___ Input for this task ___

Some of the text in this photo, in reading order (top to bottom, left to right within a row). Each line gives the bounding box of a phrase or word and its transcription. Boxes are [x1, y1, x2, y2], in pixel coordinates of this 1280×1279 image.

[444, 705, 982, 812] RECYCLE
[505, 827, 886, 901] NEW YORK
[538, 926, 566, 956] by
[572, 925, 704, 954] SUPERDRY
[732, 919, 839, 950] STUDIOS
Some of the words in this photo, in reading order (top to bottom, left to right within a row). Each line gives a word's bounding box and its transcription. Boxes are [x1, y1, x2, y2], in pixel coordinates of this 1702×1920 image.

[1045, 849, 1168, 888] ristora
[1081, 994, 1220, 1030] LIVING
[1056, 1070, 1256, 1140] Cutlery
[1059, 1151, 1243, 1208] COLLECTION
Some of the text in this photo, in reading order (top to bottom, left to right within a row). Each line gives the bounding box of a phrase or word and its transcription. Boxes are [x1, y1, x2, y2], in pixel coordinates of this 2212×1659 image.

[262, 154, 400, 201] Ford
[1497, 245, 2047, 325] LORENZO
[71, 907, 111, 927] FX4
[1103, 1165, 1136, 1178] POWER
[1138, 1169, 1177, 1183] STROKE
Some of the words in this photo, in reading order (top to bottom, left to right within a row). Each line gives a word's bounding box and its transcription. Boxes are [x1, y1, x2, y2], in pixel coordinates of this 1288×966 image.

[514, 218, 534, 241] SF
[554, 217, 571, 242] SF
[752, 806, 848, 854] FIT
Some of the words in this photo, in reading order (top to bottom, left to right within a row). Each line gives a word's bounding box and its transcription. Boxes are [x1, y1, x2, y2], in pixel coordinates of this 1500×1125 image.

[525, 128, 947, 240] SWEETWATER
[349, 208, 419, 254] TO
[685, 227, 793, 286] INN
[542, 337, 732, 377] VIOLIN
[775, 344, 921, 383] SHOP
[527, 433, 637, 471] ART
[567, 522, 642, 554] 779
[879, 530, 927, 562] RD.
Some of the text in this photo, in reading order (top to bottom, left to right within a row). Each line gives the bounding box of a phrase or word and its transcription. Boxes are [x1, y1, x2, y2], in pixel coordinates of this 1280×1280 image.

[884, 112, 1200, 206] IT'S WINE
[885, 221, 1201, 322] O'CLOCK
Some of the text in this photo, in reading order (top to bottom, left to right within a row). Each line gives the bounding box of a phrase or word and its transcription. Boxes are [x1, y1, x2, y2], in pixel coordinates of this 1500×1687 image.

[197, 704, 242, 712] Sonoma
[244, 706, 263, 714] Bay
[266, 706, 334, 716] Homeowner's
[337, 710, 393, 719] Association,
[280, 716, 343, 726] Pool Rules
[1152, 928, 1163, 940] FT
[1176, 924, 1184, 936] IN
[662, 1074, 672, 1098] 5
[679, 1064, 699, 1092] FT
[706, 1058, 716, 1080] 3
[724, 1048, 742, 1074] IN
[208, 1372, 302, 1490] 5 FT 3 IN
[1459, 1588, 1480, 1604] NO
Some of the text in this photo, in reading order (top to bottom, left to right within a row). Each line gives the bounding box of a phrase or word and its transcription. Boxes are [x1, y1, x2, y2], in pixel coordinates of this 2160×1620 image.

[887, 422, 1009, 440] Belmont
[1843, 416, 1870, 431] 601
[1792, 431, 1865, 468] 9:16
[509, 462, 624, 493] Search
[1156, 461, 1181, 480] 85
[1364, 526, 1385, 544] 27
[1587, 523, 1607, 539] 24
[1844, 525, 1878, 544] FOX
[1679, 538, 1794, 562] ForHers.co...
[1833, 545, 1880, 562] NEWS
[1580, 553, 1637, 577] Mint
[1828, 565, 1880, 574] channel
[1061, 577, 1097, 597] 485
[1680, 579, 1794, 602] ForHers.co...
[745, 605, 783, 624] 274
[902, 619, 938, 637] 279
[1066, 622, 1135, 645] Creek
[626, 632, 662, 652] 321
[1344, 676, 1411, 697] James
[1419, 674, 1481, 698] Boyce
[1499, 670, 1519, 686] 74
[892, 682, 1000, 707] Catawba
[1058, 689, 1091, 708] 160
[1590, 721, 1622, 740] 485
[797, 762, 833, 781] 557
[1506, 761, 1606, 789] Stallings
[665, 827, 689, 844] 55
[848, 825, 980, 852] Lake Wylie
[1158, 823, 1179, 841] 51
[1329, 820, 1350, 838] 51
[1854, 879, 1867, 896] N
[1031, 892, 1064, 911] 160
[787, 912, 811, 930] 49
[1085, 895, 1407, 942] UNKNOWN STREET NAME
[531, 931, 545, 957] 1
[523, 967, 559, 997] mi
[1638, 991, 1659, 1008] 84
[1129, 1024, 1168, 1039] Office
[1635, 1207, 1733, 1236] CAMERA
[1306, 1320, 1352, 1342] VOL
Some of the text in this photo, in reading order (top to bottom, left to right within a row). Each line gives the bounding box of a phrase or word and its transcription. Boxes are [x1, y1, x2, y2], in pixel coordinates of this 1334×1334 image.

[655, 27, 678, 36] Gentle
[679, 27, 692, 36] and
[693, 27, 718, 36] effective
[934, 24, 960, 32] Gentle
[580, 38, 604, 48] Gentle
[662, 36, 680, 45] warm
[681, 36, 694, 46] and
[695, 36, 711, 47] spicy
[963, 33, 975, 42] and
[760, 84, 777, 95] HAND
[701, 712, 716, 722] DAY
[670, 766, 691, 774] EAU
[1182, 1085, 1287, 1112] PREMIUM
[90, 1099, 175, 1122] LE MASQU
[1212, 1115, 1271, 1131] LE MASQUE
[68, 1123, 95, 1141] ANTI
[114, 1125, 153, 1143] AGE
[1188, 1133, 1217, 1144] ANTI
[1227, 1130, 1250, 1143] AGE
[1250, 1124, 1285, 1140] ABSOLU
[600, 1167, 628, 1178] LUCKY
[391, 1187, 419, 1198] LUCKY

___

→ **Exercise description**
Repeat exactly, and only, the lines of the records above, starting with the line that contains "this 1334×1334 image." and ending with the final line, both included.

→ **Reply**
Some of the text in this photo, in reading order (top to bottom, left to right within a row). Each line gives the bounding box of a phrase or word and its transcription. Boxes are [x1, y1, x2, y2], in pixel coordinates of this 1334×1334 image.

[655, 27, 678, 36] Gentle
[679, 27, 692, 36] and
[693, 27, 718, 36] effective
[934, 24, 960, 32] Gentle
[580, 38, 604, 48] Gentle
[662, 36, 680, 45] warm
[681, 36, 694, 46] and
[695, 36, 711, 47] spicy
[963, 33, 975, 42] and
[760, 84, 777, 95] HAND
[701, 712, 716, 722] DAY
[670, 766, 691, 774] EAU
[1182, 1085, 1287, 1112] PREMIUM
[90, 1099, 175, 1122] LE MASQU
[1212, 1115, 1271, 1131] LE MASQUE
[68, 1123, 95, 1141] ANTI
[114, 1125, 153, 1143] AGE
[1188, 1133, 1217, 1144] ANTI
[1227, 1130, 1250, 1143] AGE
[1250, 1124, 1285, 1140] ABSOLU
[600, 1167, 628, 1178] LUCKY
[391, 1187, 419, 1198] LUCKY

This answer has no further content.